*Given records:*
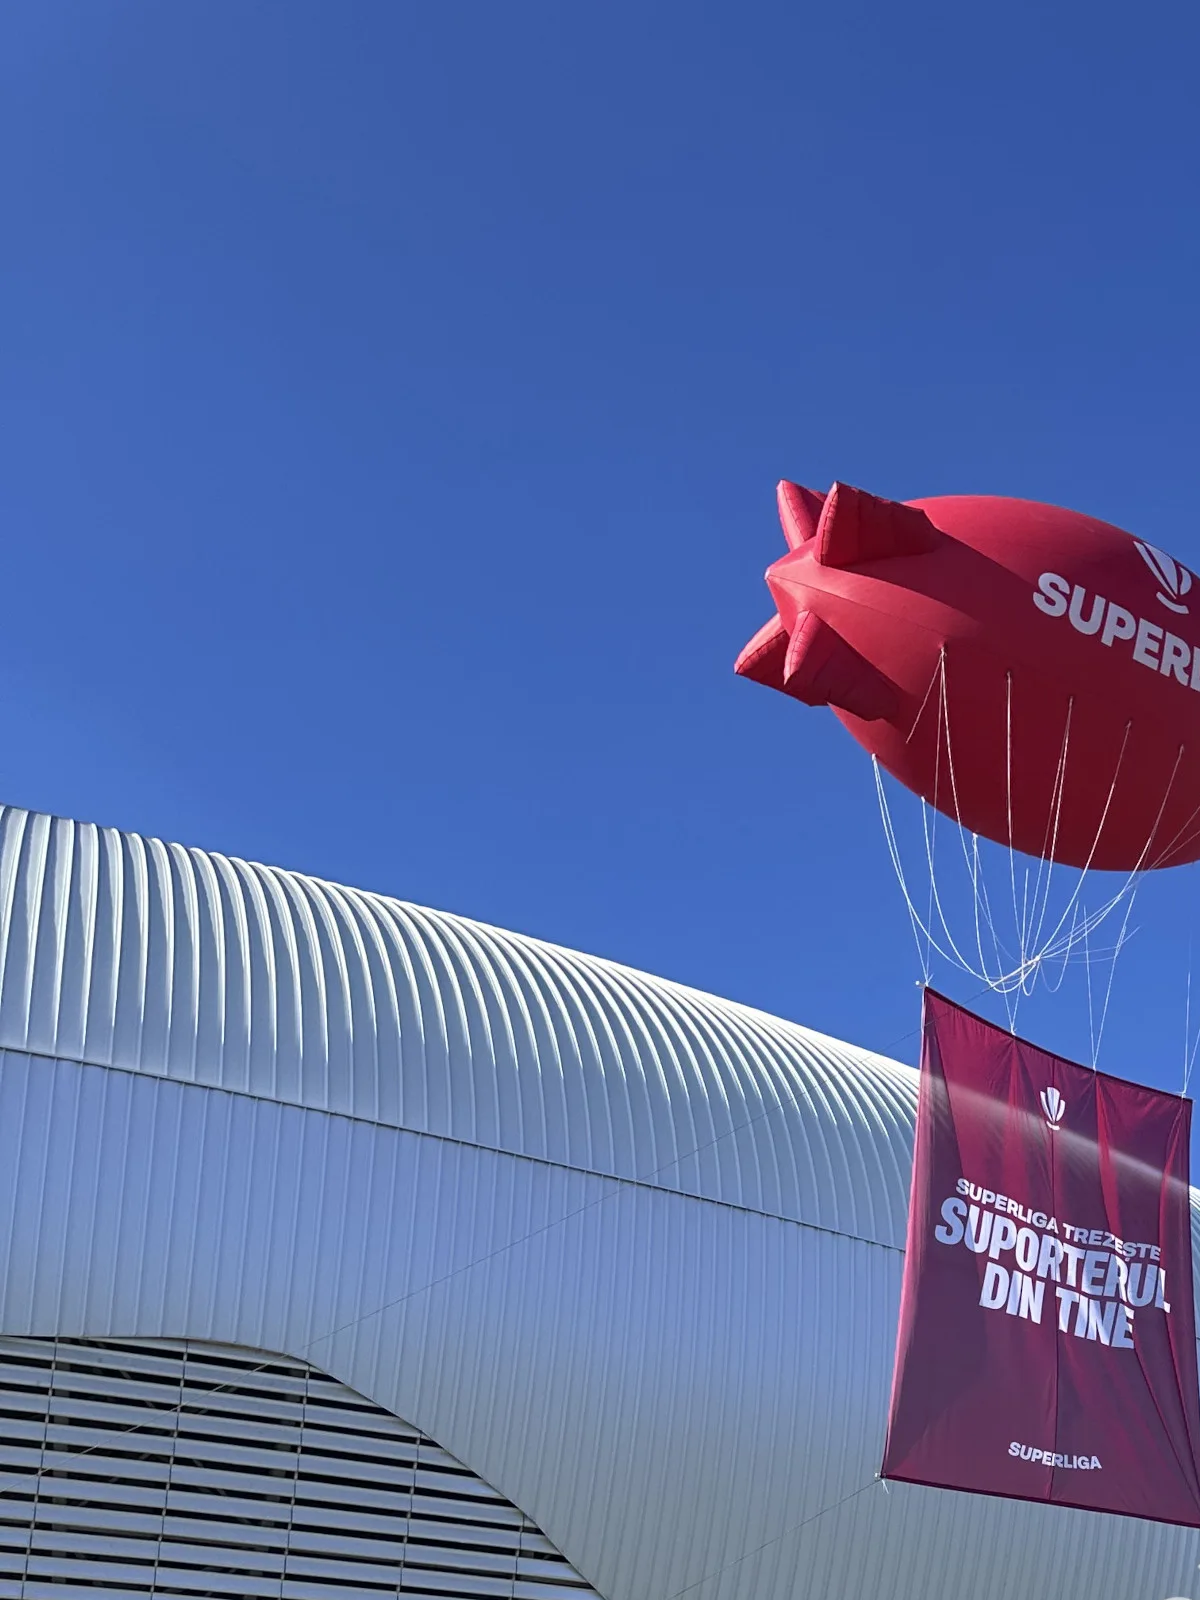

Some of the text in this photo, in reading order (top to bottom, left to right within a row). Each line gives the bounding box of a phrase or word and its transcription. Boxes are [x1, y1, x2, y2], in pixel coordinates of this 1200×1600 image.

--

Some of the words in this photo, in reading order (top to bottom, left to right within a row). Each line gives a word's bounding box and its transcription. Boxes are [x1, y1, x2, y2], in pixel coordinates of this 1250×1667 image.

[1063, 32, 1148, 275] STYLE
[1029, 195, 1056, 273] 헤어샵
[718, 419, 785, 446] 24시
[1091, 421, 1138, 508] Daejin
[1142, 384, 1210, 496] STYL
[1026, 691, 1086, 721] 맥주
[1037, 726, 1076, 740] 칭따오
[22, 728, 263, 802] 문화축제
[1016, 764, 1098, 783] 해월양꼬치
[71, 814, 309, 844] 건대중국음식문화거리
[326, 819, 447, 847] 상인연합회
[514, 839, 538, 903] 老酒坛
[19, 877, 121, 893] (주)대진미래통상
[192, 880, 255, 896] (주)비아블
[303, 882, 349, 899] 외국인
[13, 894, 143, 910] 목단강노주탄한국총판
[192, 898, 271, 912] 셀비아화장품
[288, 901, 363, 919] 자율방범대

---

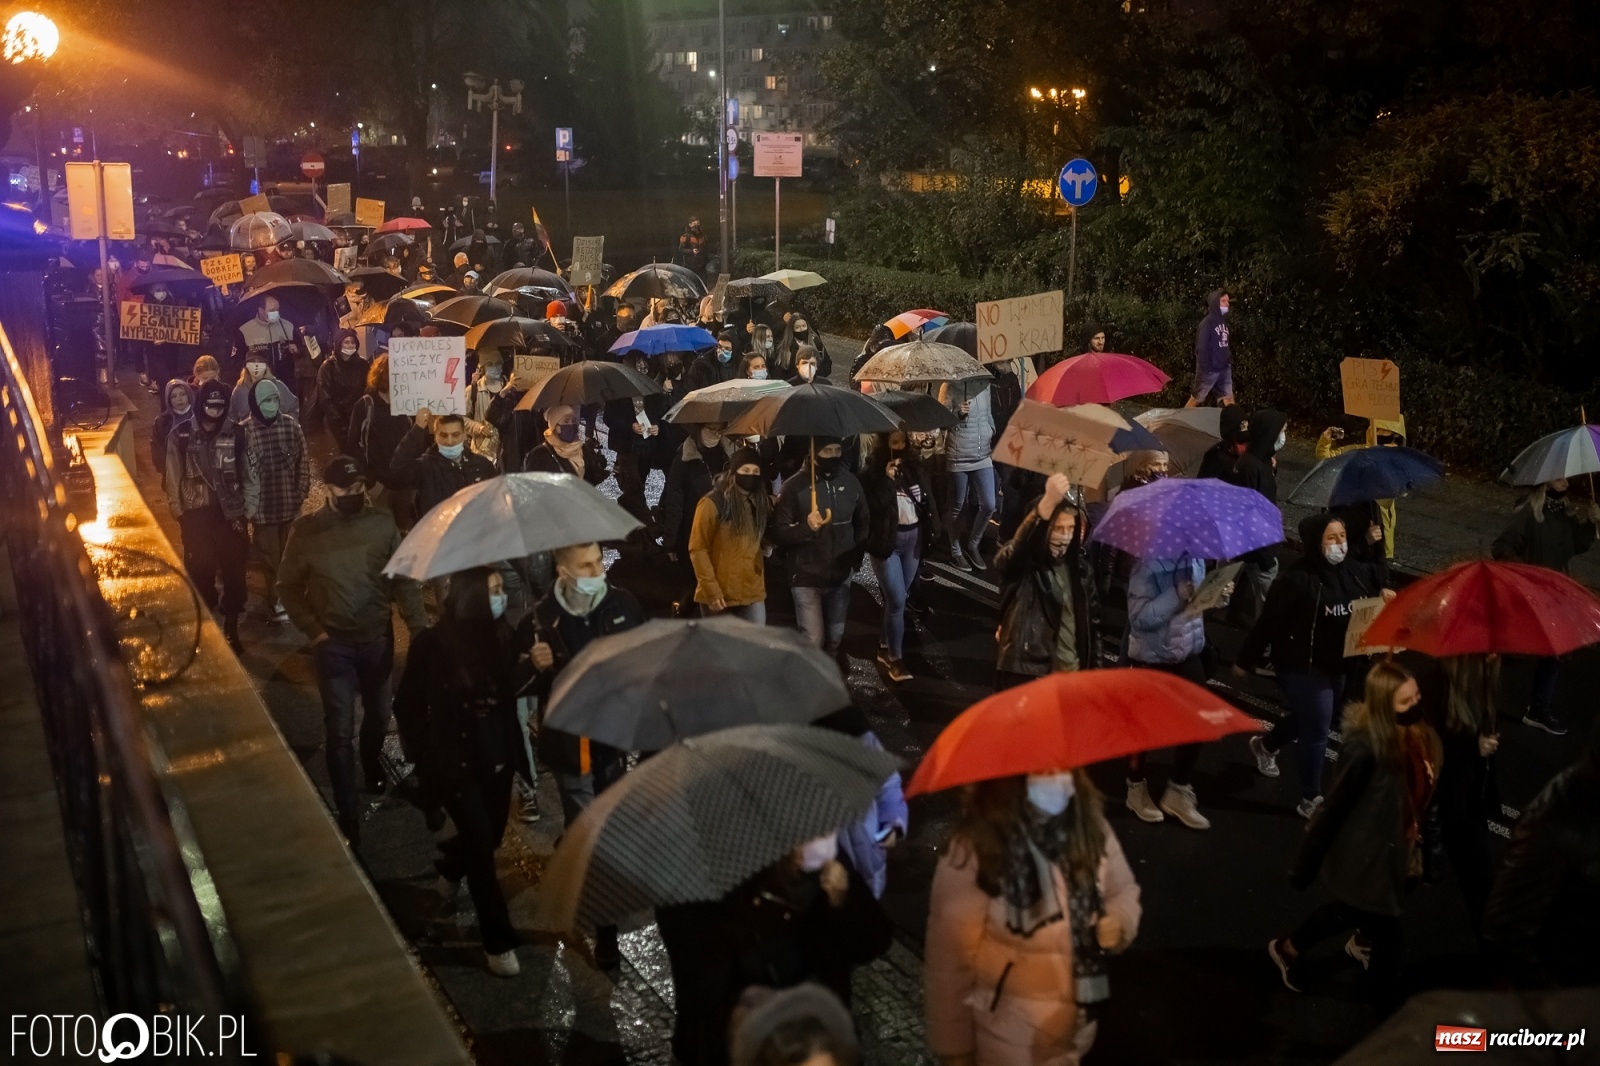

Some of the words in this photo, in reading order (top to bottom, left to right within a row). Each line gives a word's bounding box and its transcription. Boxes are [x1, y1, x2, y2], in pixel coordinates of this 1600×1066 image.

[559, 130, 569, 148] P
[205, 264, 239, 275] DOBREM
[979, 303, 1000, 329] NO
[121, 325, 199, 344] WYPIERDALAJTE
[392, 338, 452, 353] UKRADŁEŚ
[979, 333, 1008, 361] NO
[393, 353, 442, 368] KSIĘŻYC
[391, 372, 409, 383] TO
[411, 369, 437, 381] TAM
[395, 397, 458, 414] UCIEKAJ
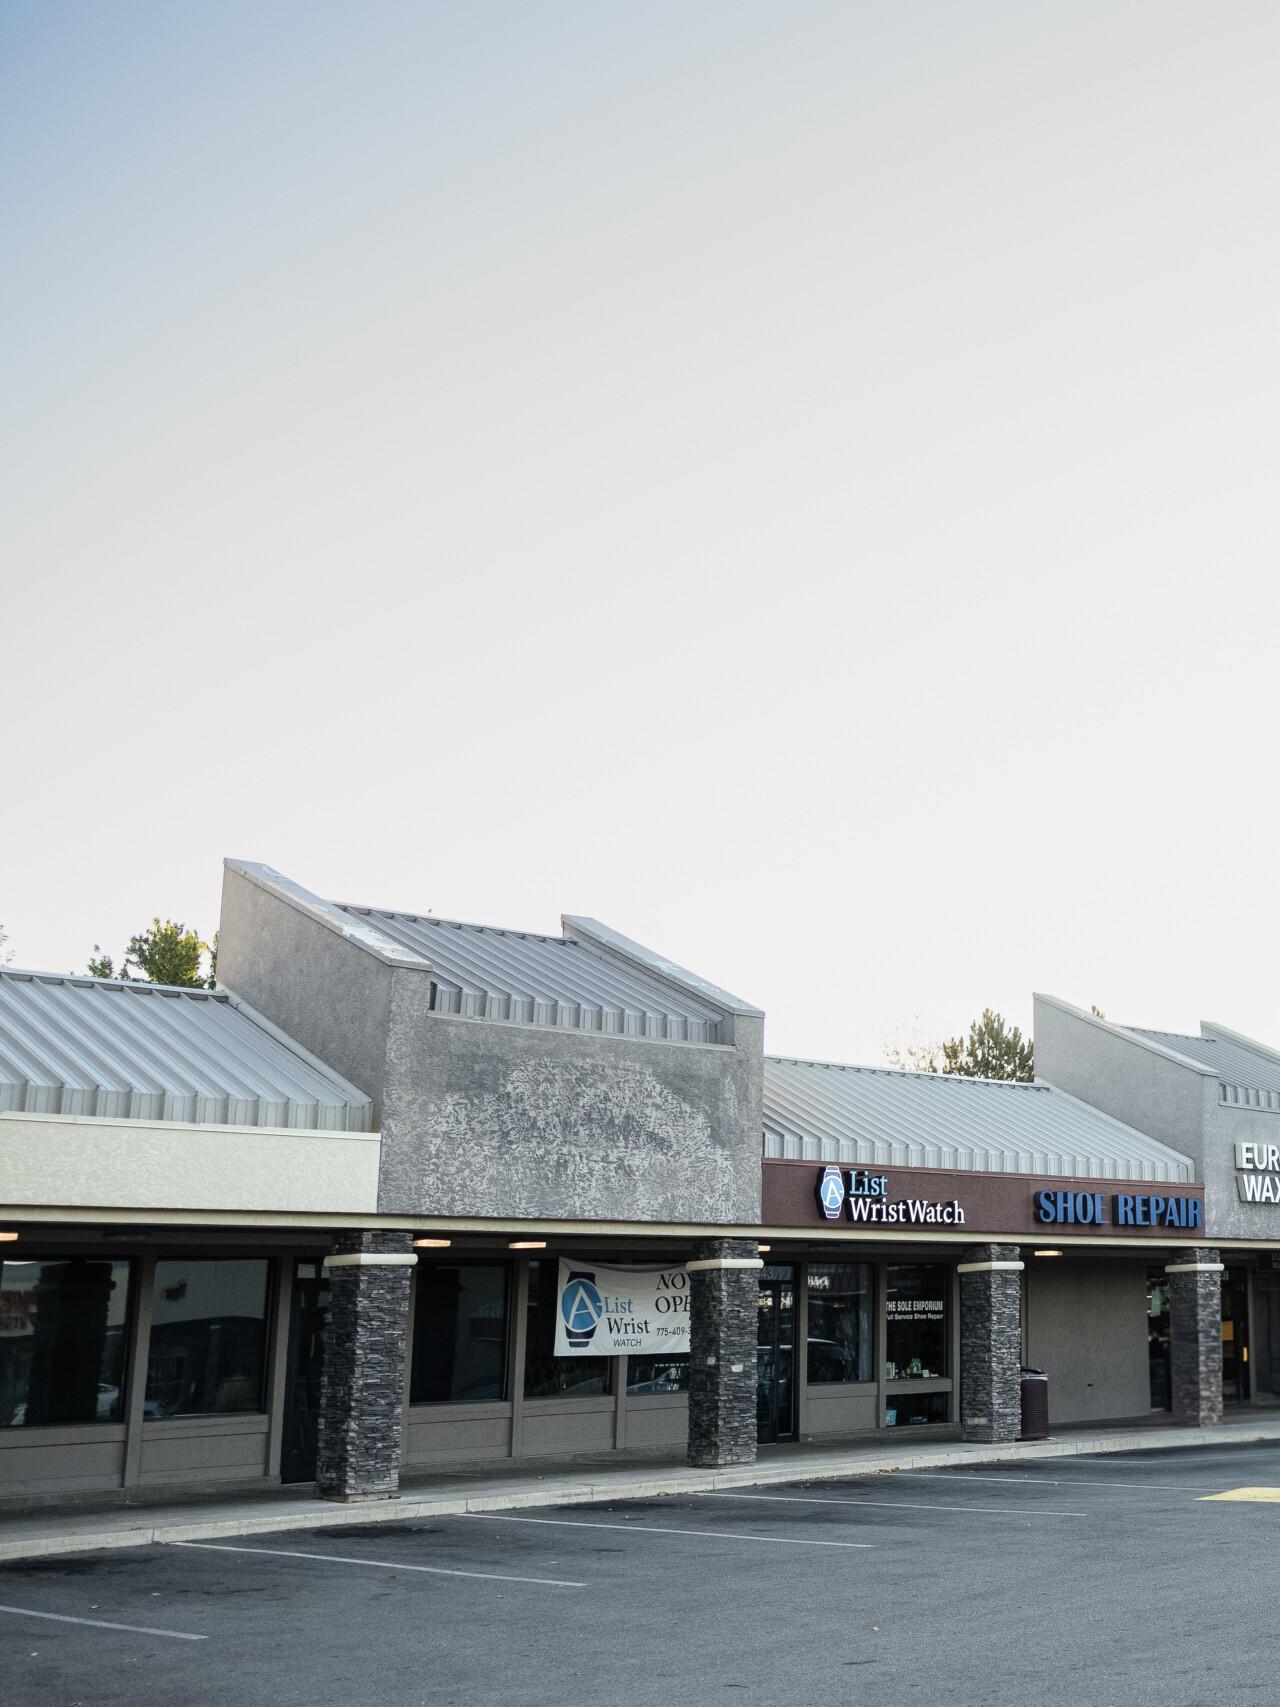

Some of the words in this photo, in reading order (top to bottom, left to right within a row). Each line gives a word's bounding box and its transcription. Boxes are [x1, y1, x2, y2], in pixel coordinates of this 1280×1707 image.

*Prompt:* Repeat exactly the stretch of the listing above that starts with the line holding "this 1600×1066 image." and finishes with the line holding "this 1280×1707 image.", both included. Skip every picture.

*Answer area:*
Some of the words in this photo, in reading order (top to bottom, left to right within a row). Each line gives a word's bounding box and its transcription. Boxes are [x1, y1, x2, y2], in pixel coordinates of this 1600×1066 image.

[559, 130, 569, 148] P
[205, 264, 239, 275] DOBREM
[979, 303, 1000, 329] NO
[121, 325, 199, 344] WYPIERDALAJTE
[392, 338, 452, 353] UKRADŁEŚ
[979, 333, 1008, 361] NO
[393, 353, 442, 368] KSIĘŻYC
[391, 372, 409, 383] TO
[411, 369, 437, 381] TAM
[395, 397, 458, 414] UCIEKAJ

Some of the words in this photo, in reading order (top to bottom, left to right within a row). Each line gives a word's bounding box and its transcription. Boxes are [x1, y1, x2, y2], in pixel coordinates of this 1280×1707 image.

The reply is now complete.